# WORK TASK
Transcribe every entry exactly, leaving out any pictures.

(Dataset entries)
_ _ _ _ _

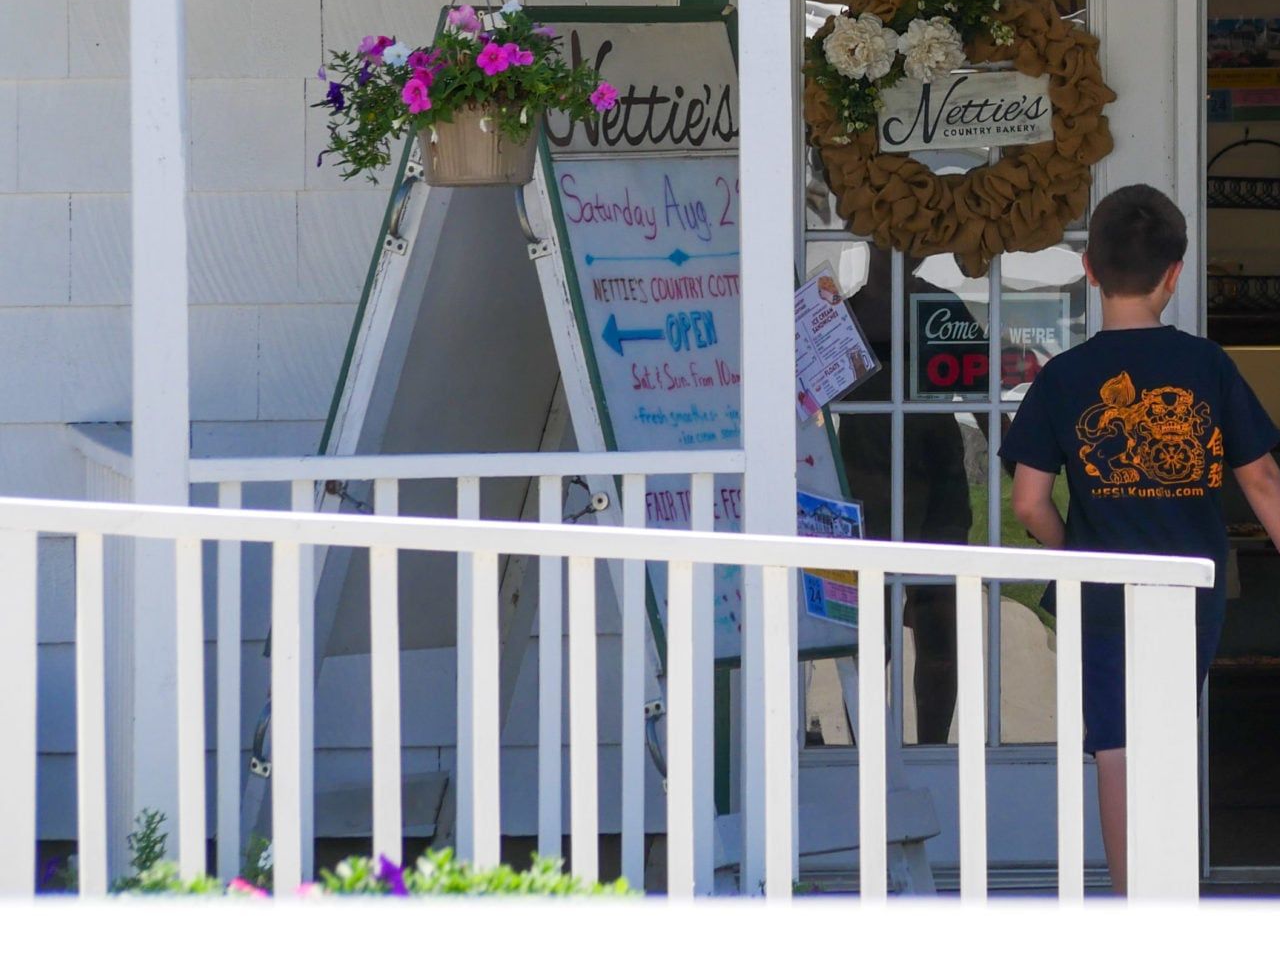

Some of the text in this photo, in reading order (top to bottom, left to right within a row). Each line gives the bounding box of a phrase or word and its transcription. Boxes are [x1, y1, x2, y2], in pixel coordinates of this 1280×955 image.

[883, 76, 1048, 145] Nettie's
[943, 124, 1036, 138] COUNTRY BAKERY
[560, 173, 658, 241] Saturday
[593, 278, 648, 304] NETTIE'S
[650, 275, 704, 303] COUNTRY
[666, 309, 718, 353] OPEN
[925, 308, 979, 341] Come
[1009, 327, 1056, 344] WE'RE
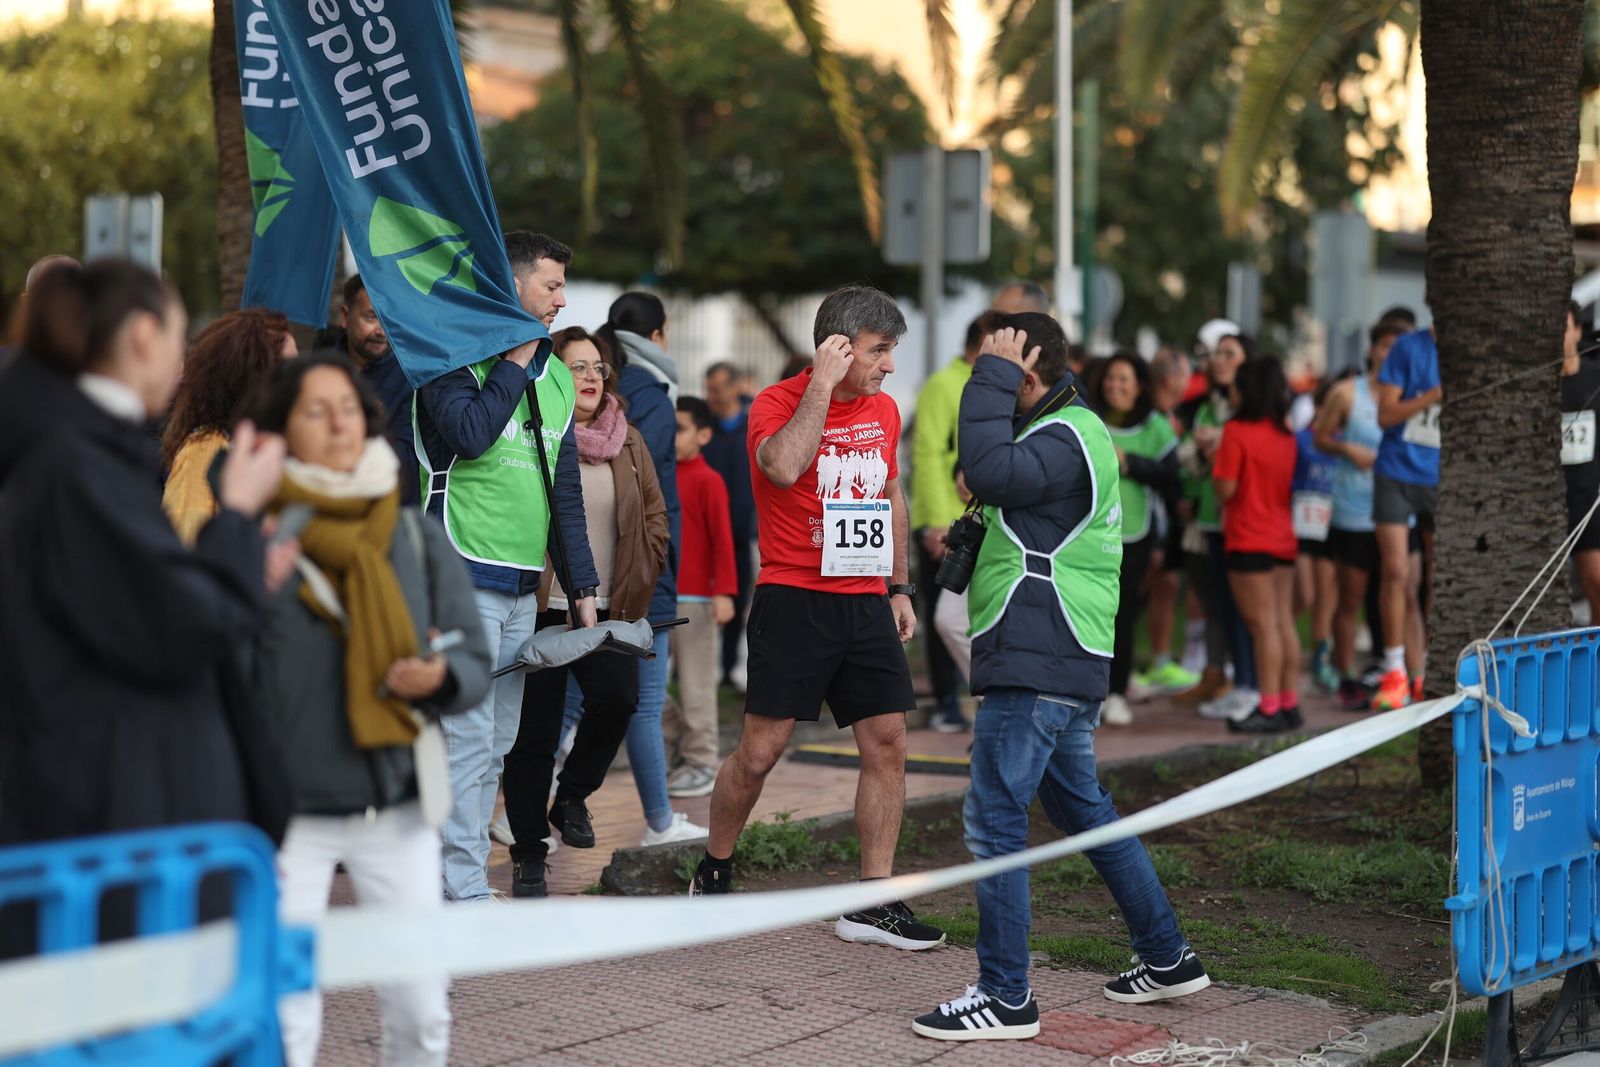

_ _ _ _ _

# ANSWER TO THIS EXERCISE
Some of the text in this photo, in reading order (top to bottom, left to right within a row). Each line gives the bounding box of a phrase or word and its transcription. Boxes are [x1, y1, x2, y2], in pixel coordinates of this 1280×955 image.

[883, 76, 1048, 145] Nettie's
[943, 124, 1036, 138] COUNTRY BAKERY
[560, 173, 658, 241] Saturday
[593, 278, 648, 304] NETTIE'S
[650, 275, 704, 303] COUNTRY
[666, 309, 718, 353] OPEN
[925, 308, 979, 341] Come
[1009, 327, 1056, 344] WE'RE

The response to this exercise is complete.